Memories
Other tools ask you to “set your tone” with a dropdown. That’s not a voice — that’s a costume. Memories are different. They form a persistent knowledge base of your writing style, facts, opinions, stories, and preferred calls-to-action. Every piece of content DraftLift generates draws on this knowledge base. The output sounds like you because DraftLift actually knows who you are — not because you picked “professional” from a list.Memory categories
DraftLift organizes memories into six built-in categories:| Category | Purpose | Example |
|---|---|---|
| Fact | Verifiable information, data points, credentials | ”I’ve helped 50+ SaaS companies implement content-led growth strategies” |
| Writing Guideline | Style rules, tone preferences, formatting standards | ”I write in short paragraphs. No jargon. Concrete examples over abstract claims.” |
| Opinion | Viewpoints, stances, and beliefs to reflect in content | ”Most B2B content marketing fails because it prioritizes SEO over having a point of view” |
| Call to Action | Standard CTAs to include in content | ”Follow me for weekly breakdowns of what’s actually working in B2B content” |
| Story | Anecdotes, case studies, personal narratives | ”When I joined my first startup, we had 2M ARR purely through LinkedIn content.” |
| Enemy | Common objections, competitors, ideas to argue against | ”The ‘just be consistent’ advice for content creation ignores that consistent mediocrity builds nothing” |
Custom categories are available on Business+ tiers. Create your own categories to organize memories in ways that match your workflow.
Creating a memory
- Navigate to Memories in the sidebar
- Click New Memory
- Choose a category
- Add a title and body
- Optionally add tags and platform targeting
Make them specific
- “I have a conversational writing style” is okay. “I write short paragraphs, use rhetorical questions to open posts, avoid em-dashes, and always end with a direct call-to-action” is much better.

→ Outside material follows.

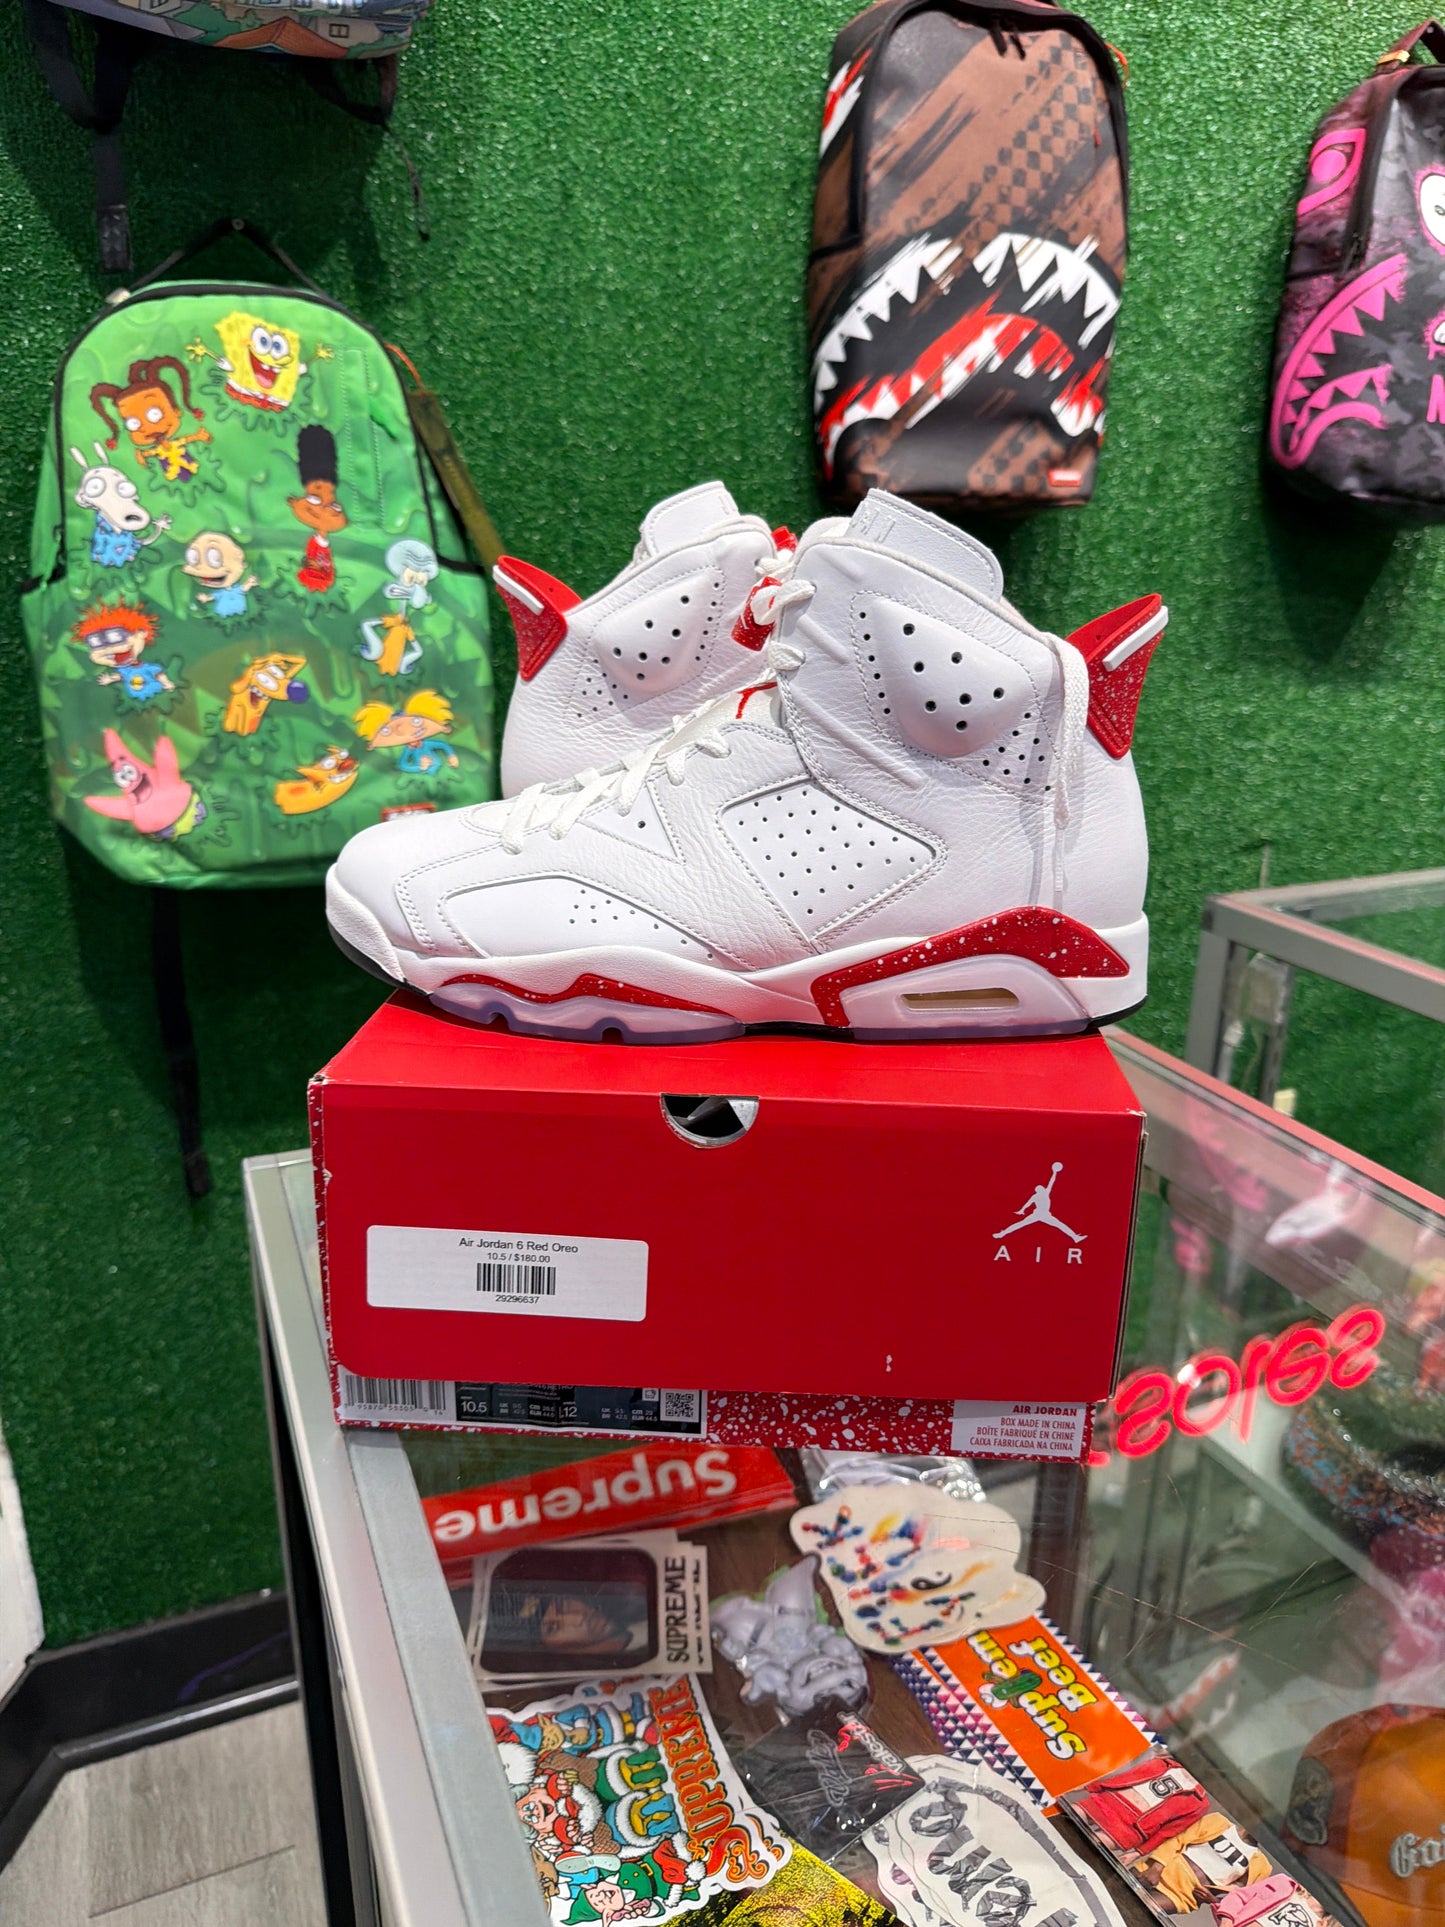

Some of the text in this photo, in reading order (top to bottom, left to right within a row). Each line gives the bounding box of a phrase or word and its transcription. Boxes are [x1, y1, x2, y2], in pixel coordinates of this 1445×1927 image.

- One idea per memory. Keep memories focused so DraftLift has fine-grained control over what context to include.
- Write in your natural voice. DraftLift learns from how you express ideas, not just the facts. If you write memories in corporate-speak, expect corporate-speak output.
- Update as you evolve. Your opinions change. Your expertise deepens. Revisit memories regularly so your output stays current.